Some of these First Pups were already part of presidents’ lives, while others were acquired under the auspices of their leadership. Franklin Pierce’s six-pound Japanese Chin, for example, was a gift from Japan in 1854, delivered to the president by Commodore Matthew Perry, the naval officer who spearheaded Japan’s reopening to the west after 200-plus years of strict isolationism. All but four U.S. presidents had pets of some sort; we’re not counting the mice Andrew Johnson fed by leaving flour and grain on his bedroom floor. Rivaled only by the adventurous Teddy Roosevelt, President Calvin Coolidge was among the most animal crazy, turning the White House into a Dolittle-esque menagerie that included seven birds, two cats, two raccoons, two lion cubs, a donkey, a bobcat, a pygmy hippo, a wallaby, and more, if you can believe it. Of course, Coolidge was also rather fond of dogs, keeping 12 of them at the presidential residence. “Any man who does not like dogs and want them about does not deserve to be in the White House,” he proclaimed.
Founding Fathers Washington, Adams, Jefferson, and Monroe were all dog owners, but it wasn’t until Lincoln that presidential dogs started making the news. And at first, it wasn’t for a good reason…

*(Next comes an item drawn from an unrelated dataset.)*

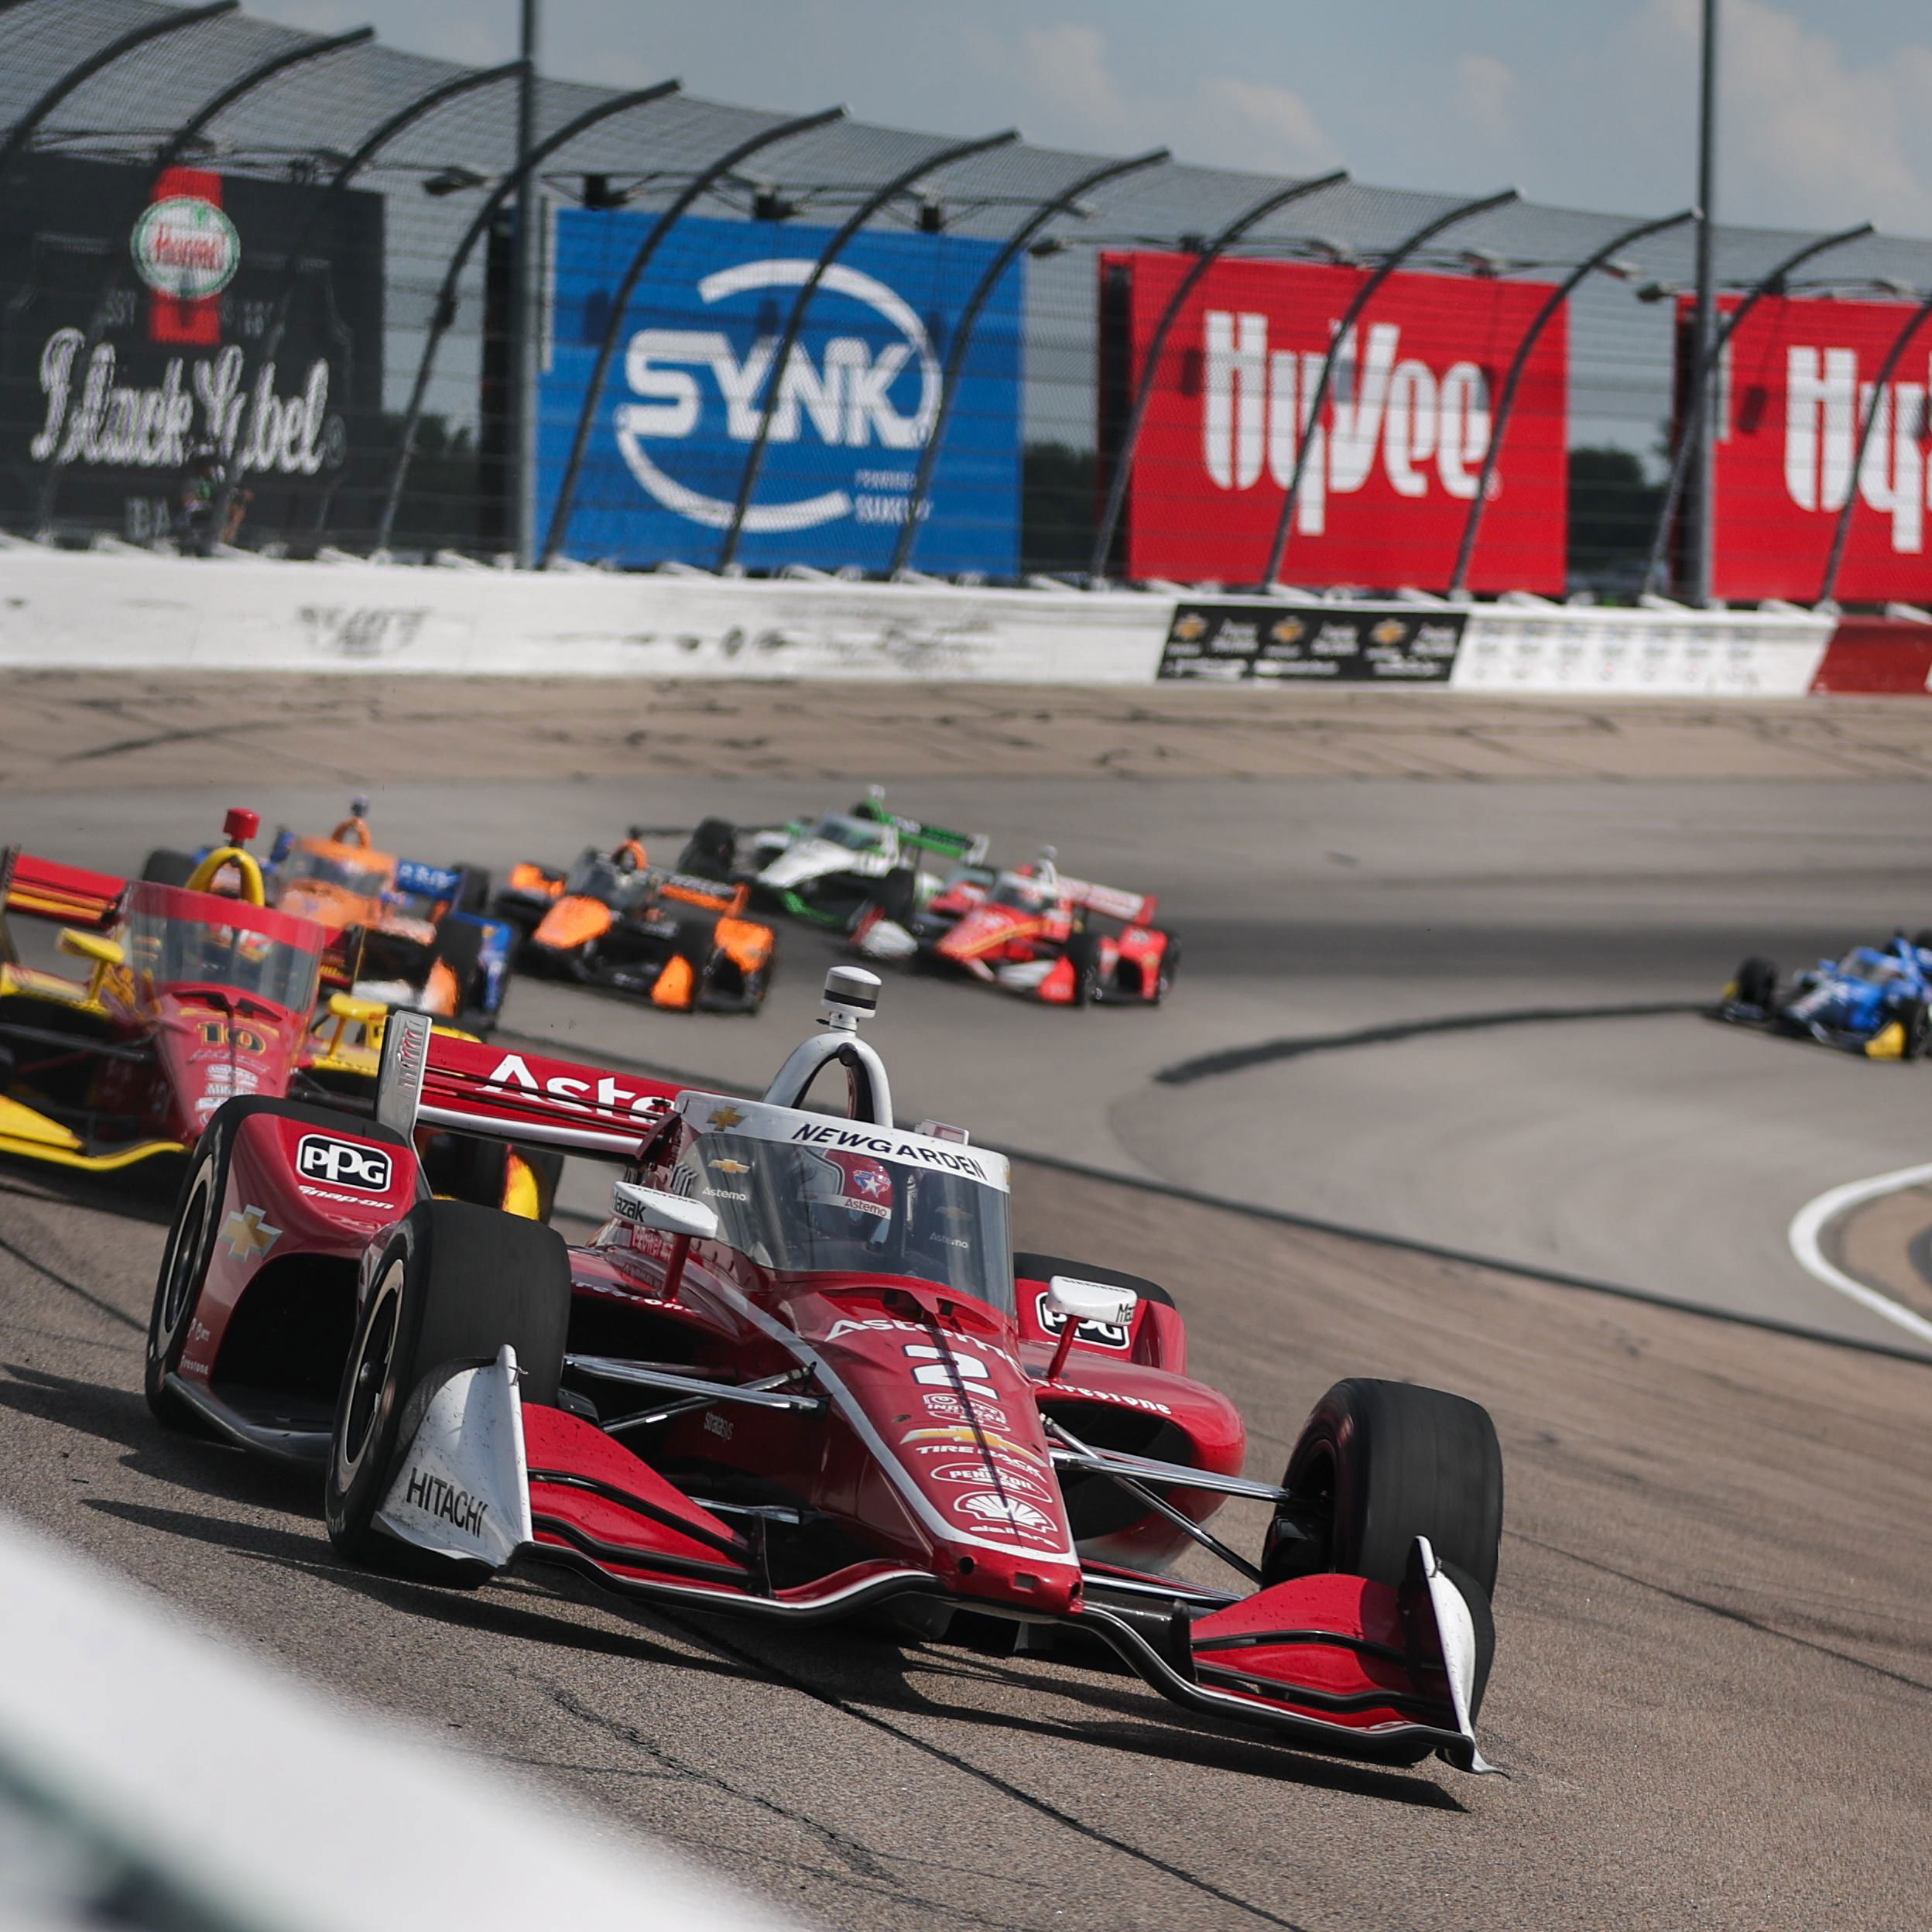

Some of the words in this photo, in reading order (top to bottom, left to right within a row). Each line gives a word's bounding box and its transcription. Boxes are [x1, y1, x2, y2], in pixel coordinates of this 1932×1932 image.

Abraham Lincoln's Yellow Labrador

Fido never lived in the White House with Lincoln, who opted to leave his furry friend at home in Springfield, Illinois. Then, a year after the president’s assassination, Fido befell the same grisly fate. The dog had been in the care of John E. Roll, an old friend of Lincoln’s. “We possessed the dog for a number of years,” Roll’s son, Johnny, told LIFE in 1954, just weeks before his death at the age of 90. “One day the dog, in a playful manner, put his dirty paws upon a drunken man sitting on the street curbing who, in his drunken rage, thrust a knife into the body of poor old Fido. He was buried by loving hands. So Fido, just a poor yellow dog, met the fate of his illustrious master — assassination.” Many sources, including the American Kennel Club, contend that “Fido” as a generic stand-in for any dog comes from Lincoln’s Lab.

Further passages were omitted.